SUPPLIED DATA:
────

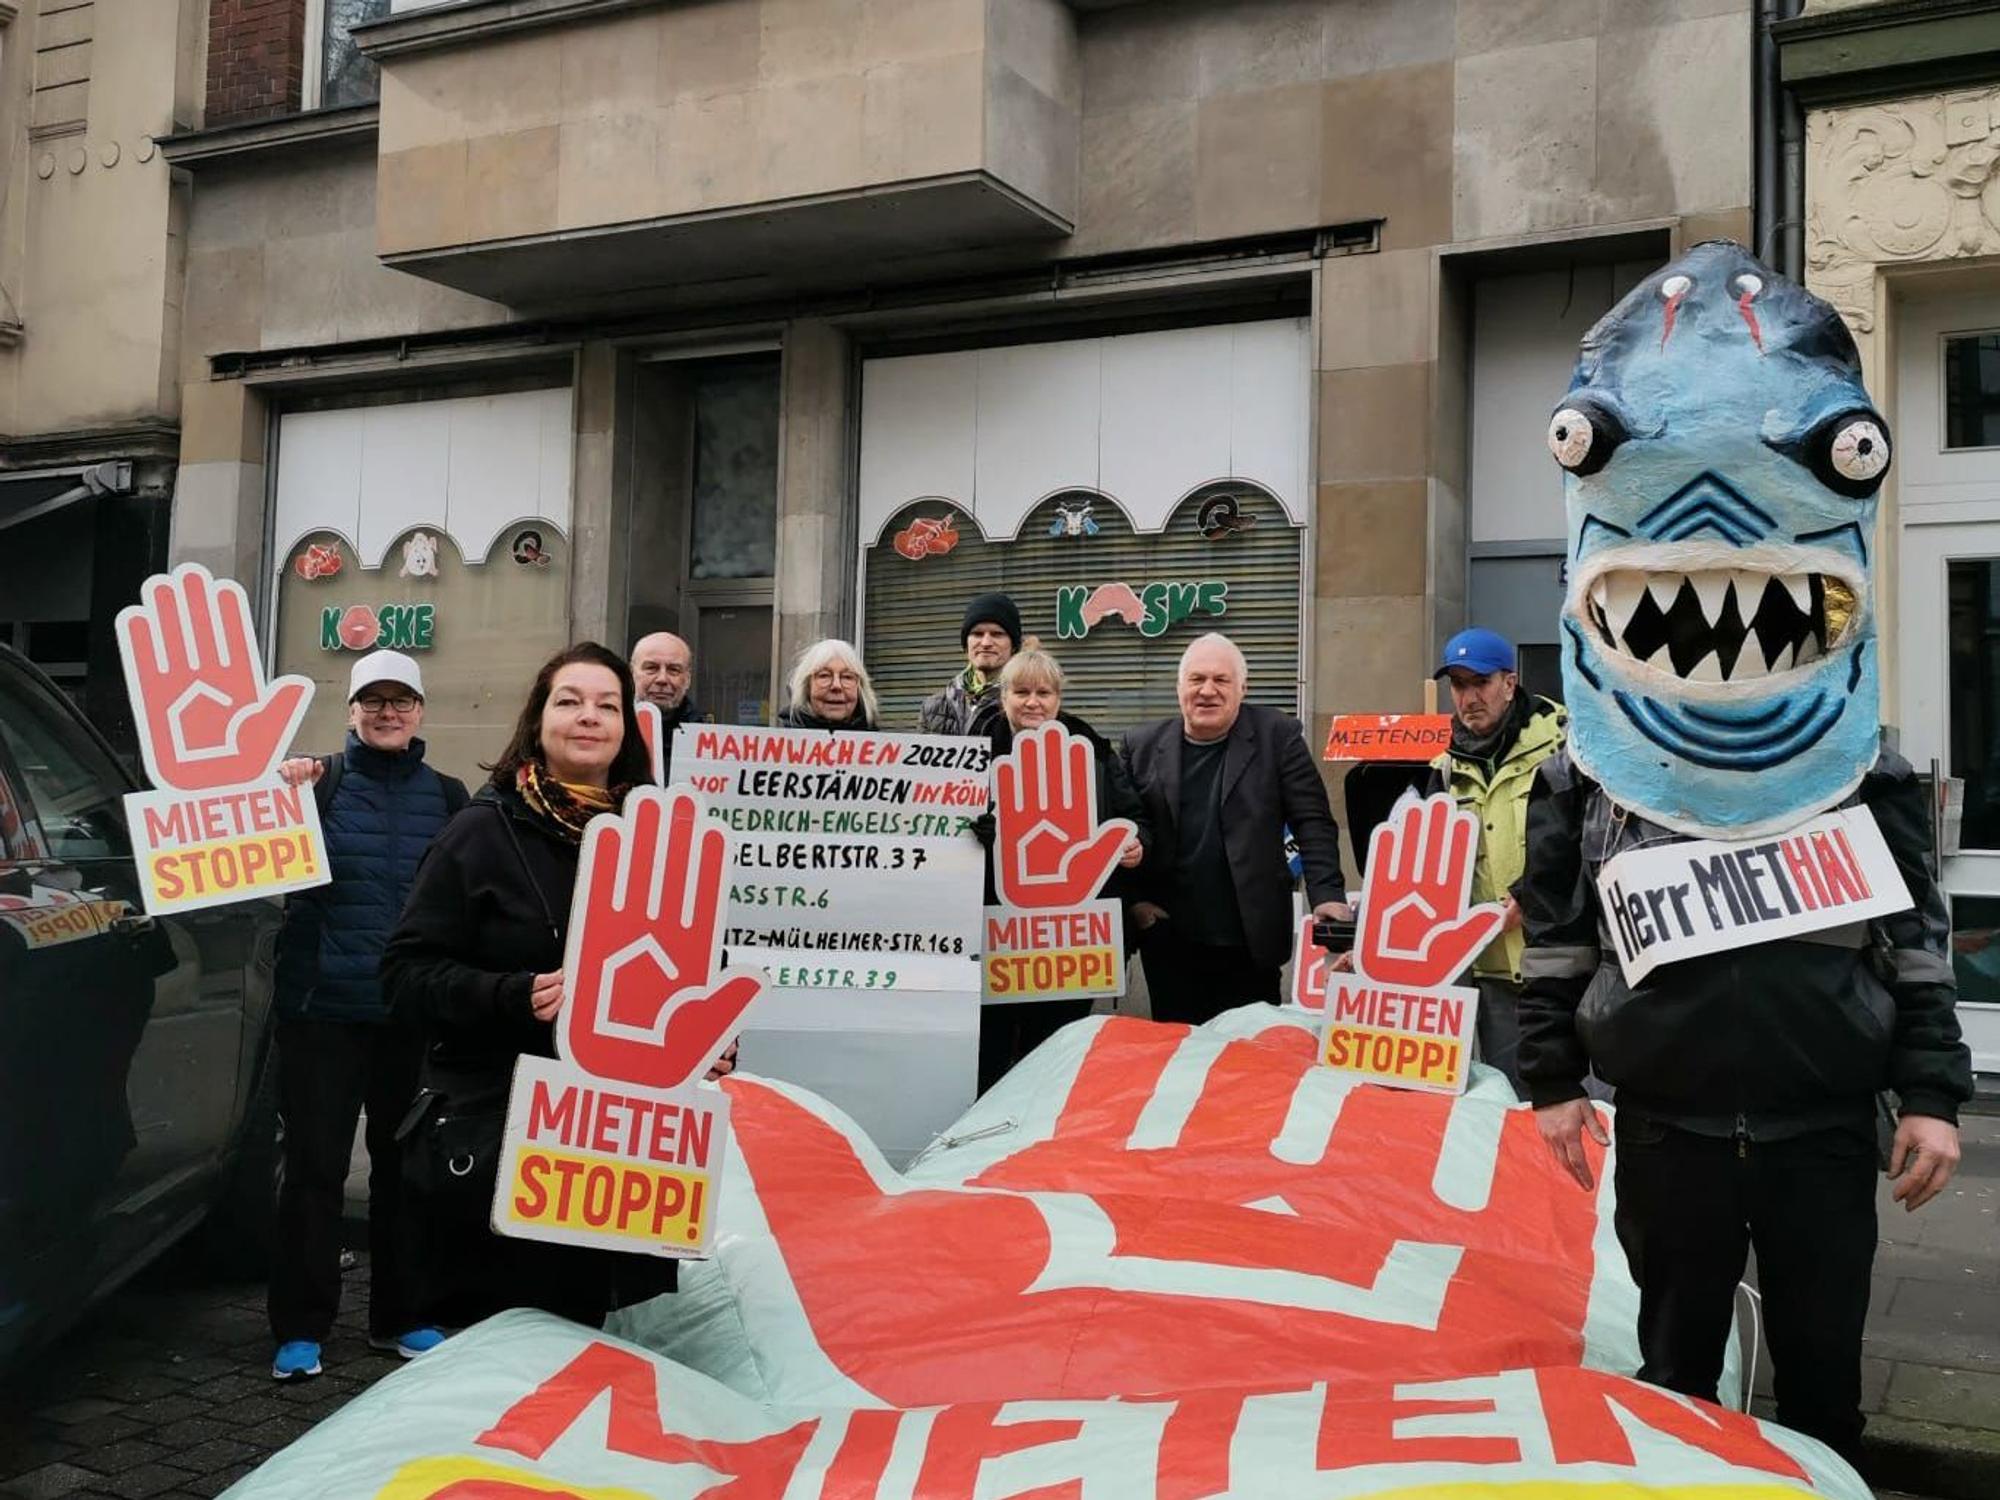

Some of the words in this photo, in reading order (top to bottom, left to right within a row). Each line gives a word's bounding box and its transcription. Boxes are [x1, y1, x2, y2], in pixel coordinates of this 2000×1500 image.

[320, 604, 435, 650] KOSKE
[696, 732, 901, 766] MAHNWACHEN
[902, 744, 990, 772] 2022/23
[1330, 728, 1451, 744] MIETENDE
[738, 769, 912, 804] LEERSTÄNDEN
[912, 783, 942, 804] IN
[143, 783, 304, 849] MIETEN
[154, 834, 314, 899] STOPP!
[733, 843, 927, 870] ELBERTSTR.37
[1608, 880, 1695, 962] Herr
[1689, 827, 1873, 931] MIETHAI
[988, 912, 1111, 952] MIETEN
[989, 952, 1113, 993] STOPP!
[1335, 986, 1464, 1037] MIETEN
[1328, 1029, 1458, 1082] STOPP!
[526, 1080, 713, 1169] MIETEN
[514, 1154, 704, 1241] STOPP!

────

When copying the listing, skip the pictures and keep each line exactly as written.

SOLUTION TO THIS PROBLEM:
Some of the words in this photo, in reading order (top to bottom, left to right within a row). Each line gives a word's bounding box and its transcription. Boxes are [x1, y1, x2, y2], in pixel coordinates of this 2000×1500 image.

[320, 604, 435, 650] KOSKE
[696, 732, 901, 766] MAHNWACHEN
[902, 744, 990, 772] 2022/23
[1330, 728, 1451, 744] MIETENDE
[738, 769, 912, 804] LEERSTÄNDEN
[912, 783, 942, 804] IN
[143, 783, 304, 849] MIETEN
[154, 834, 314, 899] STOPP!
[733, 843, 927, 870] ELBERTSTR.37
[1608, 880, 1695, 962] Herr
[1689, 827, 1873, 931] MIETHAI
[988, 912, 1111, 952] MIETEN
[989, 952, 1113, 993] STOPP!
[1335, 986, 1464, 1037] MIETEN
[1328, 1029, 1458, 1082] STOPP!
[526, 1080, 713, 1169] MIETEN
[514, 1154, 704, 1241] STOPP!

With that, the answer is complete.